### Task statement:
From the first line to the last, retype the records exactly and skip the pictures.

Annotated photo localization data
# # # #
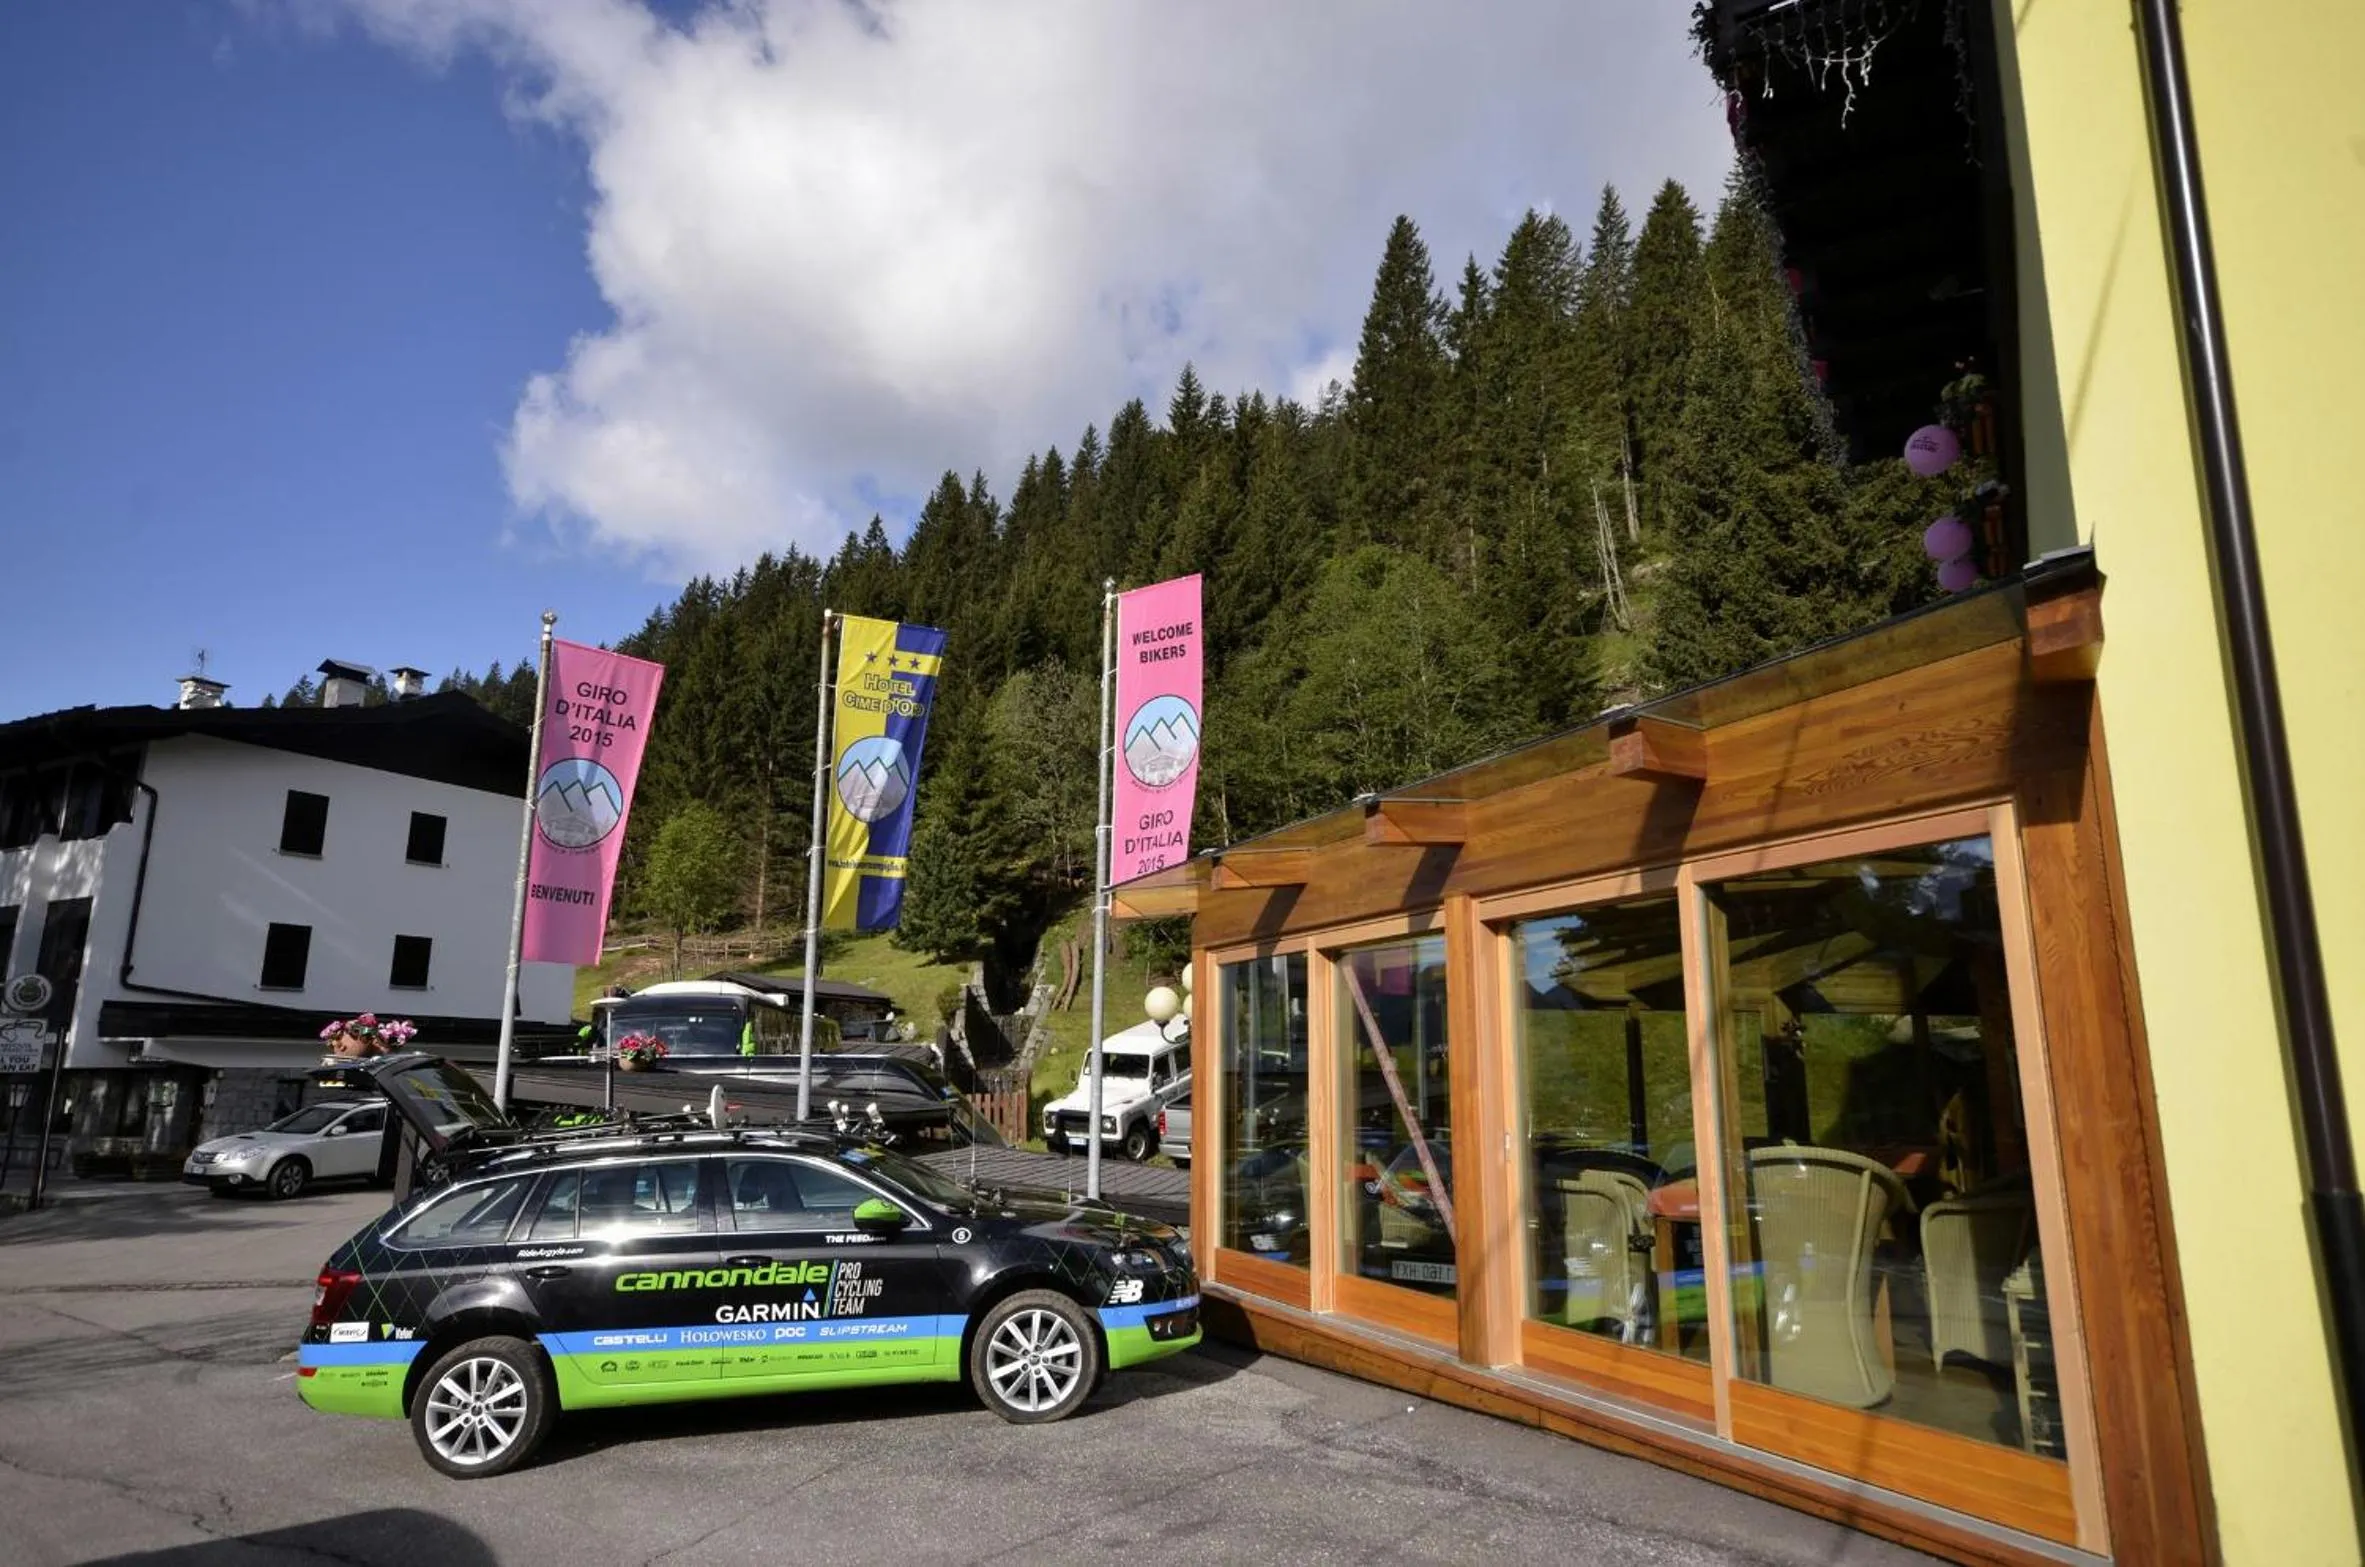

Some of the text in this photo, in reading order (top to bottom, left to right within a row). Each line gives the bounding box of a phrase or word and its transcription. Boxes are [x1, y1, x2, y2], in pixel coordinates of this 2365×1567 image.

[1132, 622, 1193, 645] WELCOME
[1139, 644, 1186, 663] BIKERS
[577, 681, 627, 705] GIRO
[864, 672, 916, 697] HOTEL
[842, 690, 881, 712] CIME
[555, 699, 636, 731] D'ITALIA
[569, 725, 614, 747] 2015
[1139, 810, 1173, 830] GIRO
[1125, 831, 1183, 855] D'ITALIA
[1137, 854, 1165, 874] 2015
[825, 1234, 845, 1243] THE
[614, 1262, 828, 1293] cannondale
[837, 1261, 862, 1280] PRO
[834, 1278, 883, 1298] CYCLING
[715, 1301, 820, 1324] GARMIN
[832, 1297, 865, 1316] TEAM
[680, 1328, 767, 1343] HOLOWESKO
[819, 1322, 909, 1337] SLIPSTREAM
# # # #
### Your response:
Some of the text in this photo, in reading order (top to bottom, left to right within a row). Each line gives the bounding box of a phrase or word and its transcription. Boxes are [x1, y1, x2, y2], in pixel coordinates of this 2365×1567 image.

[1132, 622, 1193, 645] WELCOME
[1139, 644, 1186, 663] BIKERS
[577, 681, 627, 705] GIRO
[864, 672, 916, 697] HOTEL
[842, 690, 881, 712] CIME
[555, 699, 636, 731] D'ITALIA
[569, 725, 614, 747] 2015
[1139, 810, 1173, 830] GIRO
[1125, 831, 1183, 855] D'ITALIA
[1137, 854, 1165, 874] 2015
[825, 1234, 845, 1243] THE
[614, 1262, 828, 1293] cannondale
[837, 1261, 862, 1280] PRO
[834, 1278, 883, 1298] CYCLING
[715, 1301, 820, 1324] GARMIN
[832, 1297, 865, 1316] TEAM
[680, 1328, 767, 1343] HOLOWESKO
[819, 1322, 909, 1337] SLIPSTREAM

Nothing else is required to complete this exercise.